**What the task asks**
Output exactly those lines of the data that lie between the line containing "this 2048×1536 image." and the final line, both ends counted.

**Given information**

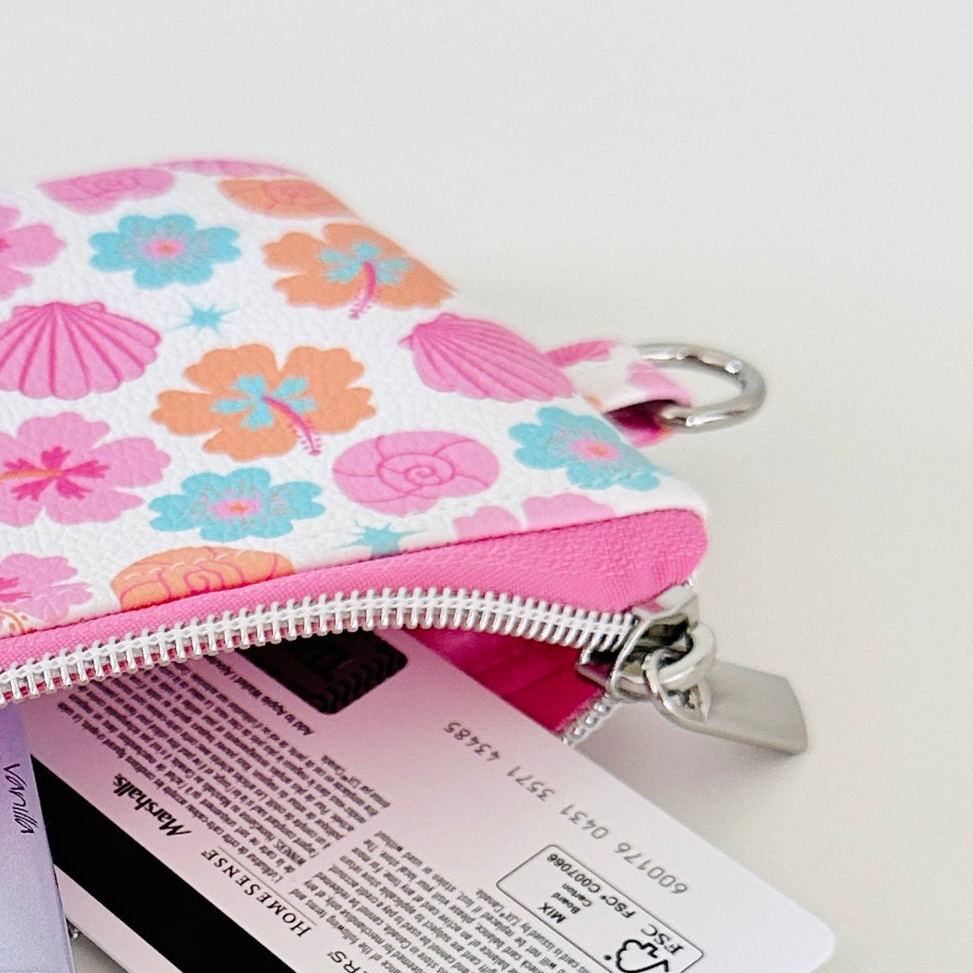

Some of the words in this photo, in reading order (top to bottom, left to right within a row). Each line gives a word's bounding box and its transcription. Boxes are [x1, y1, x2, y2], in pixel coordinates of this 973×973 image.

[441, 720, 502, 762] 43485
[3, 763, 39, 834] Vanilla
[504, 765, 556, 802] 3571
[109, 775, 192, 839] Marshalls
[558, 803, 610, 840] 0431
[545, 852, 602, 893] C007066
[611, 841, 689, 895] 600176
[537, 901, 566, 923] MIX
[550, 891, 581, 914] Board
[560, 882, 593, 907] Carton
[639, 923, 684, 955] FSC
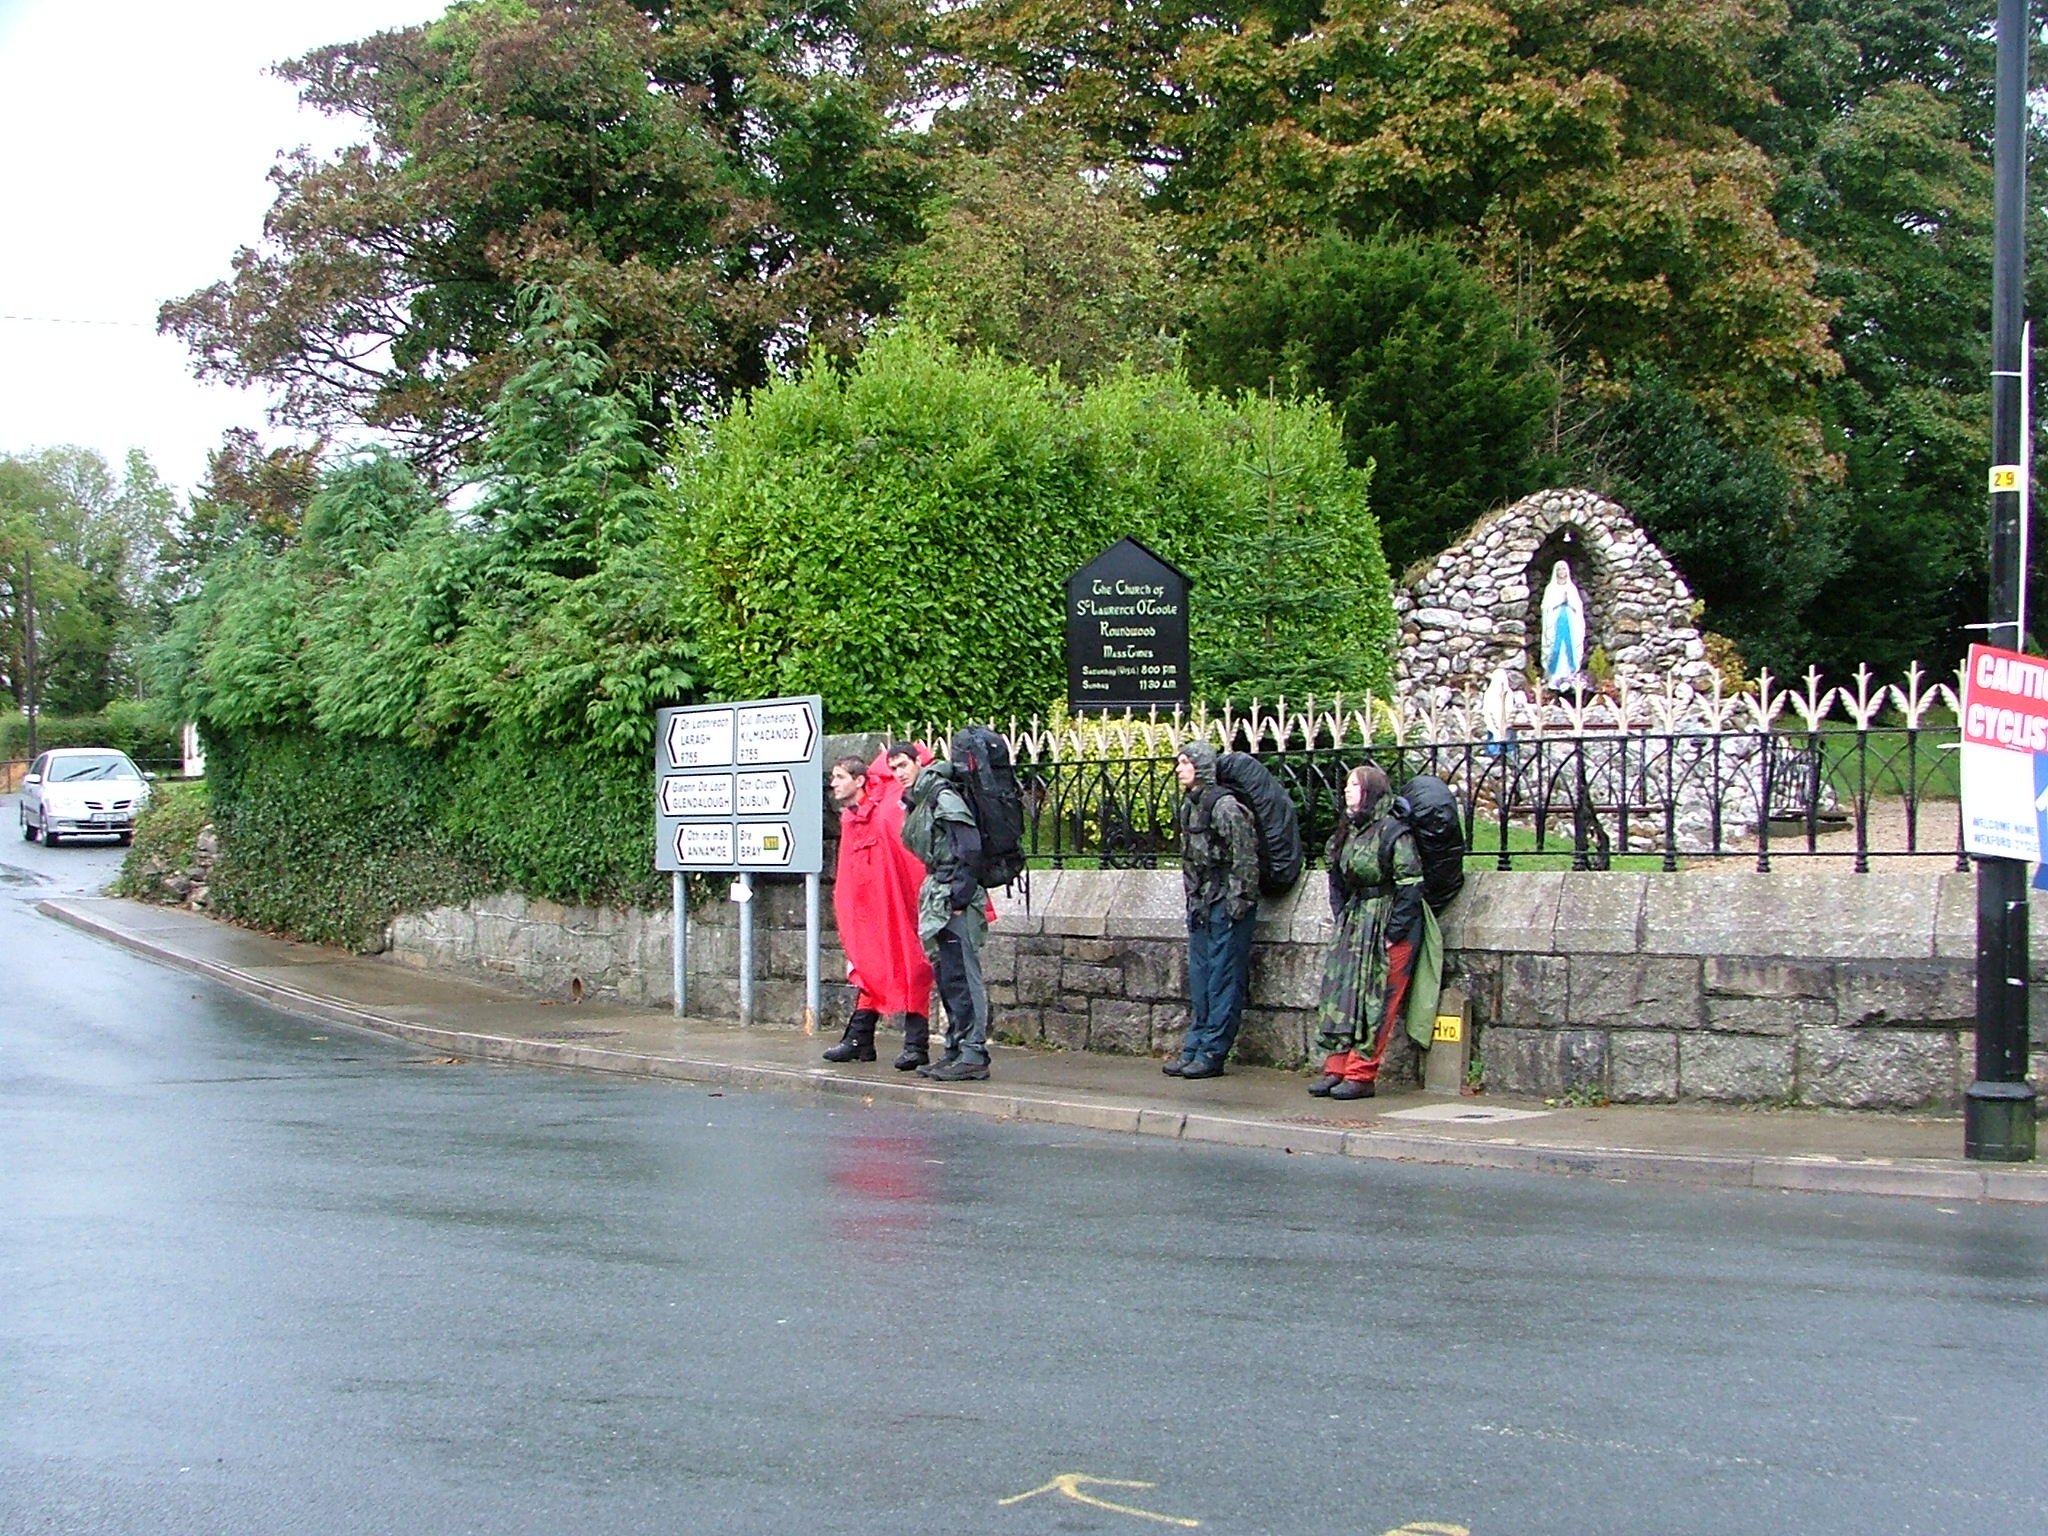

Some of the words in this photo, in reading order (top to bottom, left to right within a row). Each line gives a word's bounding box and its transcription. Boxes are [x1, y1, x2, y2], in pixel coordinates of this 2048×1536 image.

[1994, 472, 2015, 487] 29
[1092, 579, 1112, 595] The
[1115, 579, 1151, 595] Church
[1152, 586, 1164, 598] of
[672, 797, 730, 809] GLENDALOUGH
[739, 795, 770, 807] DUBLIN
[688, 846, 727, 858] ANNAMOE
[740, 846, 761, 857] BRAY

**Reply to the task**
Some of the words in this photo, in reading order (top to bottom, left to right within a row). Each line gives a word's bounding box and its transcription. Boxes are [x1, y1, x2, y2], in pixel coordinates of this 2048×1536 image.

[1994, 472, 2015, 487] 29
[1092, 579, 1112, 595] The
[1115, 579, 1151, 595] Church
[1152, 586, 1164, 598] of
[672, 797, 730, 809] GLENDALOUGH
[739, 795, 770, 807] DUBLIN
[688, 846, 727, 858] ANNAMOE
[740, 846, 761, 857] BRAY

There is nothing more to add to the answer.